(Task input)

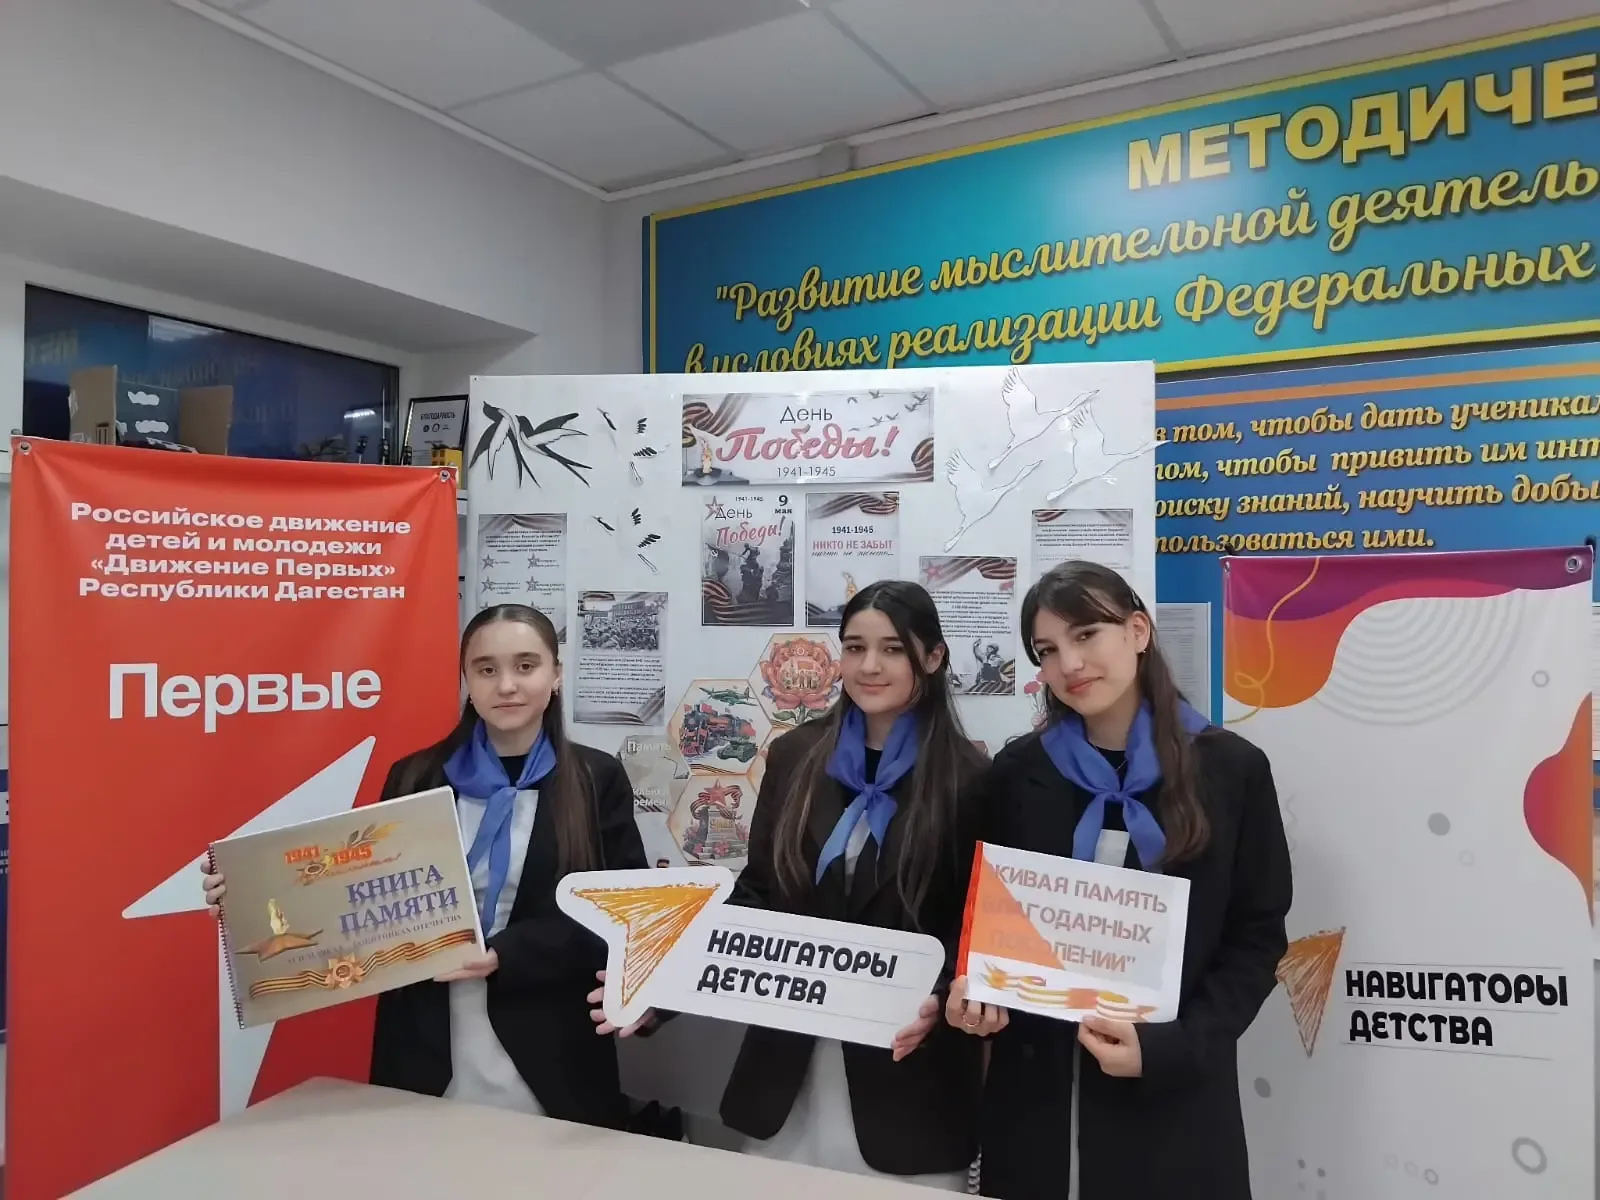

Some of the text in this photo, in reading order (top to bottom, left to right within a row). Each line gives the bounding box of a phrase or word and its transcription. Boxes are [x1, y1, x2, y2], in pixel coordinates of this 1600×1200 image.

[1128, 54, 1598, 190] МЕТОДИЧЕ
[716, 160, 1599, 331] "Развитие мыслительной деятель
[887, 296, 1161, 368] реализации
[1174, 241, 1596, 336] Федеральных
[780, 405, 833, 424] День
[1173, 421, 1243, 444] том,
[1251, 406, 1353, 437] чтобы
[1360, 402, 1443, 430] дать
[1450, 394, 1600, 431] ученика
[715, 423, 900, 462] Победы!
[1216, 448, 1317, 477] чтобы
[1331, 445, 1472, 477] привить
[1480, 441, 1527, 463] им
[776, 465, 836, 478] 1941-1945
[714, 506, 753, 519] День
[778, 494, 788, 507] 9
[1237, 483, 1350, 515] знаний,
[1358, 484, 1503, 514] научить
[71, 502, 411, 534] Российское движение
[715, 515, 786, 547] Победы!
[831, 525, 874, 534] 1941-1945
[105, 531, 382, 556] детей и молодежи
[812, 539, 892, 551] НИКТО НЕ ЗАБЫТ
[1361, 528, 1435, 548] ими.
[91, 554, 395, 580] «Движение Первых»
[79, 577, 406, 602] Республики Дагестан
[109, 663, 382, 733] Первые
[345, 863, 444, 904] КНИГА
[1074, 879, 1168, 914] ПАМЯТЬ
[338, 886, 460, 934] ПАМЯТИ
[706, 928, 898, 979] НАВИГАТОРЫ
[696, 963, 828, 1005] ДЕТСТВА
[1345, 970, 1569, 1006] НАВИГАТОРЫ
[1349, 1009, 1494, 1047] ДЕТСТВА

(End Task input)

**Work task:**
Retype each line above precisely, please. Skip anything that is a picture.

**Result for this task:**
Some of the text in this photo, in reading order (top to bottom, left to right within a row). Each line gives the bounding box of a phrase or word and its transcription. Boxes are [x1, y1, x2, y2], in pixel coordinates of this 1600×1200 image.

[1128, 54, 1598, 190] МЕТОДИЧЕ
[716, 160, 1599, 331] "Развитие мыслительной деятель
[887, 296, 1161, 368] реализации
[1174, 241, 1596, 336] Федеральных
[780, 405, 833, 424] День
[1173, 421, 1243, 444] том,
[1251, 406, 1353, 437] чтобы
[1360, 402, 1443, 430] дать
[1450, 394, 1600, 431] ученика
[715, 423, 900, 462] Победы!
[1216, 448, 1317, 477] чтобы
[1331, 445, 1472, 477] привить
[1480, 441, 1527, 463] им
[776, 465, 836, 478] 1941-1945
[714, 506, 753, 519] День
[778, 494, 788, 507] 9
[1237, 483, 1350, 515] знаний,
[1358, 484, 1503, 514] научить
[71, 502, 411, 534] Российское движение
[715, 515, 786, 547] Победы!
[831, 525, 874, 534] 1941-1945
[105, 531, 382, 556] детей и молодежи
[812, 539, 892, 551] НИКТО НЕ ЗАБЫТ
[1361, 528, 1435, 548] ими.
[91, 554, 395, 580] «Движение Первых»
[79, 577, 406, 602] Республики Дагестан
[109, 663, 382, 733] Первые
[345, 863, 444, 904] КНИГА
[1074, 879, 1168, 914] ПАМЯТЬ
[338, 886, 460, 934] ПАМЯТИ
[706, 928, 898, 979] НАВИГАТОРЫ
[696, 963, 828, 1005] ДЕТСТВА
[1345, 970, 1569, 1006] НАВИГАТОРЫ
[1349, 1009, 1494, 1047] ДЕТСТВА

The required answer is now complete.